3.教員養成分野において専門職大学院に期待される主な目的・機能

 近年の少子化の進展により、一部都市部を除く各地域で各学校が小規模化し、一学年1学級の学校も珍しくなくなっている。このため、学年主任などが他の教員を指導する機能が低下しており、また同じ教科を専門とする教員も同一学校内に少なくなっている。このような中で、複数の教員がお互いに指導力を向上させ、教員全体としての指導力の維持・向上を図るためには、学校内のみならず広く地域単位で中核的な教員が求められている。

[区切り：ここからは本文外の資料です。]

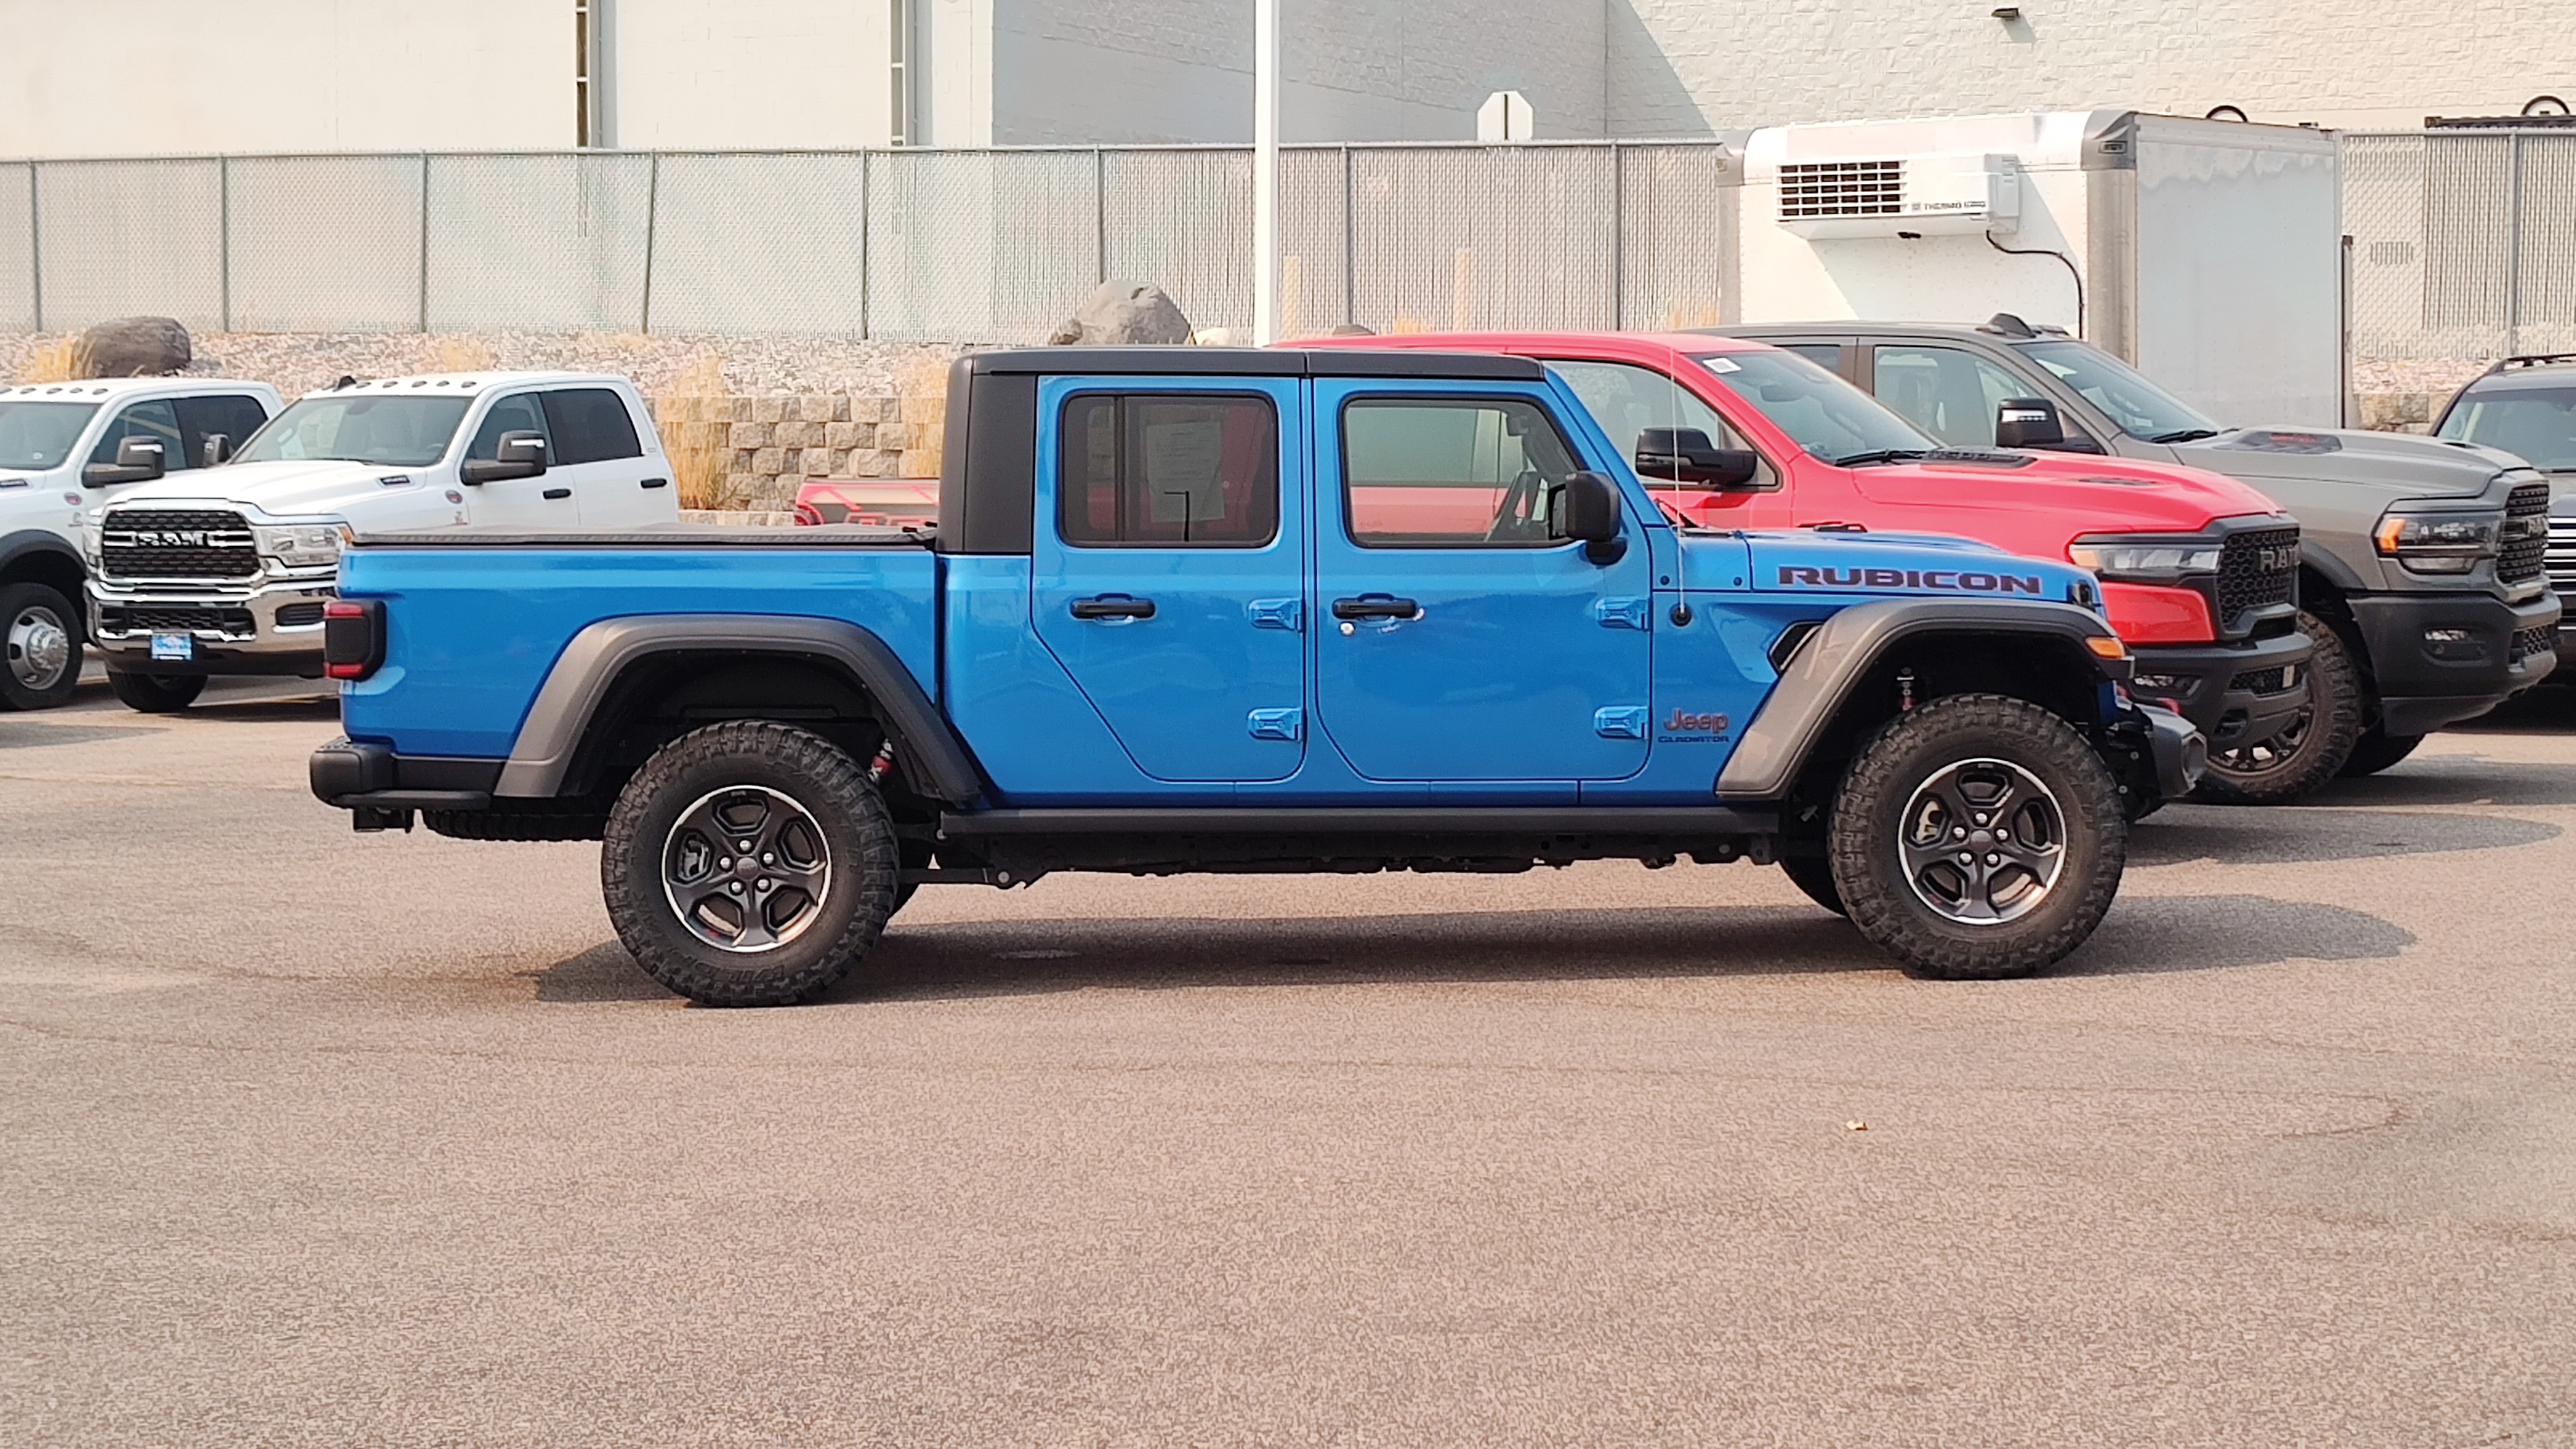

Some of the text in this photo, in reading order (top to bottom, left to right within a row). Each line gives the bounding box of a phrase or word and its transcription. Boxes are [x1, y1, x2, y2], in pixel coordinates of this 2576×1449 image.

[138, 531, 204, 547] RAM
[1778, 565, 2041, 594] RUBICON
[1663, 708, 1729, 735] Jeep
[1657, 735, 1729, 743] GLADIATOR
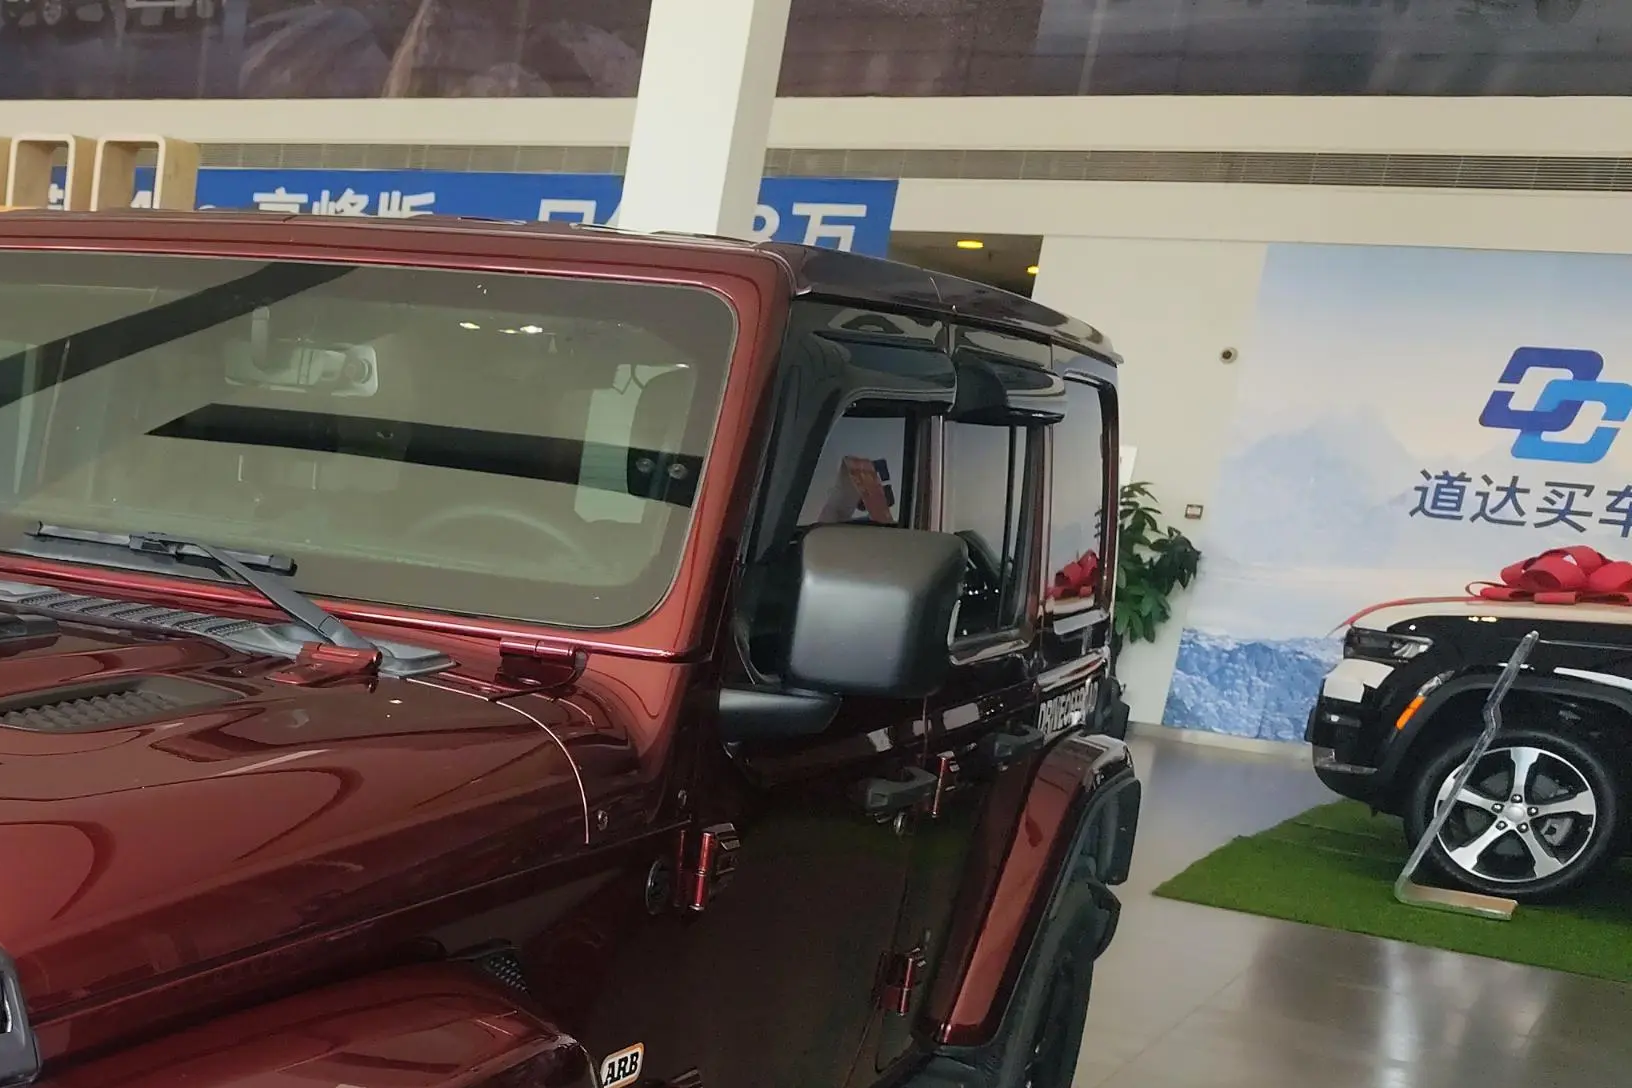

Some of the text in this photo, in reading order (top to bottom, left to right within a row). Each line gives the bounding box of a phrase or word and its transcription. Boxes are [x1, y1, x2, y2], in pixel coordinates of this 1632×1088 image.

[1409, 468, 1632, 537] 道达买车
[604, 1051, 639, 1087] ARB
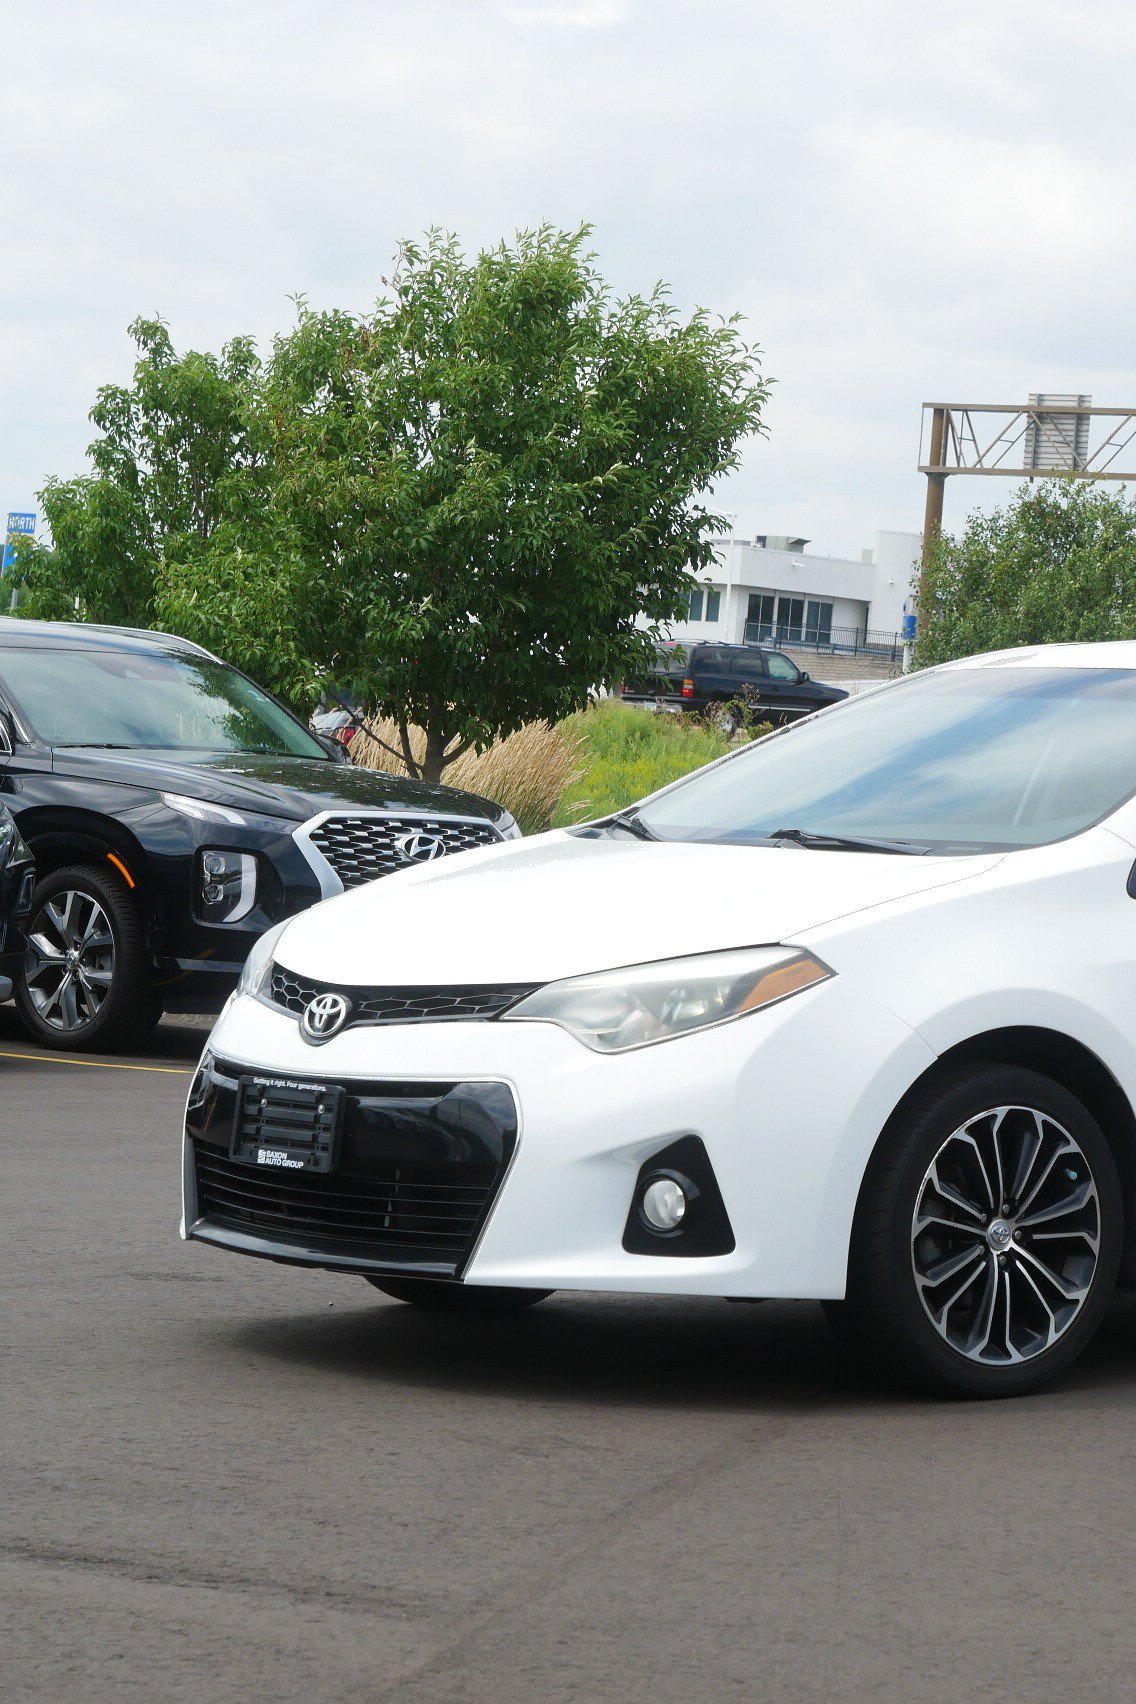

 また、教育指導体制に関連し、現在の教員の年齢構成を見ると、大量採用期の40歳代から50歳代前半の層が多く、今後この世代が退職期を迎えるとともに、逆にいわゆる中堅層が少なくなっていることから、今後、量及び質の両面から、優れた教員を養成・確保することが極めて重要になっている。

 さらに、教科等における指導力を見ても、これまでの学級単位における各教科の指導から、グループ指導、少人数指導や習熟度別指導などクラスの枠を超えて多様な学習集団に対応した指導方法の理解が必要となっており、また総合的な学習の時間の実施や選択教科の拡充など、教科の枠を超えた教科指導の理解が必要になっている。
 このため、従来の教科や学級の枠を超えて、多様な指導形態・指導方法を円滑かつ効果的に実践できる教員が求められている。

 このような教員への社会的要請を踏まえると、「開放制の原則」の下での教員養成システムを前提に、新たに専門職大学院制度を活用する場合、教員養成における今日的な課題への早急な対応の必要性や、各大学における大学院レベルでの取組みの実績等を考慮すると、当面、教員養成分野における専門職大学院については、

  • ア)現場での一定の教職経験を有する小・中・高等学校等の現職教員を対象に、地域における指導的教員や、将来、指導主事、さらには学校の管理者となる上で不可欠な確かな指導理論と優れた実践力・応用力を備えた「スクール・リーダー」の養成、
  • イ)学部段階で教員としての基礎的・基本的な資質能力を修得した学生の中から、さらにより実践的な指導力を備えた「即戦力としての新人教員」の養成、

 の目的・機能が特に期待される。

 また、こうした機能の一環として、教員免許状を持たないまま大学を卒業し、様々な社会経験等を経た者が、改めて教職を目指す場合の一つの有力な養成機関としての機能についても、学部の機能を活用しつつ各大学の判断・工夫により対応することが期待される。
 このため、現時点においては、こうした機能も視野に入れつつ、ア)及びイ)の目的・機能を担う専門職大学院に共通的に必要な要件等を検討する必要がある。

 一方、上記の目的・機能のほか、隣接するものとして、例えば、

  • ウ)小・中・高等学校等の管理者等に必要な高度なマネジメント能力に特化した養成機能、
  • エ)大学等高等教育機関の管理者や高等教育政策担当者の養成機能、
  • オ)国際的な開発教育協力の専門家など幅広い教育分野の高度専門職業人の養成機能、

 等が考えられ、今後、その重要性が高まることも予想される。
 こうした機能・目的については、当面、社会的な要請を踏まえた個別大学の主体的な検討により、一般の専門職大学院として設置することも含め、先導的で、意欲的な取組みが多様に展開され、一定の実績が蓄積されることがまず重要であり、今後、そうした実績の蓄積を見ながら、必要に応じて共通的に必要な要件等を整理することが適当である。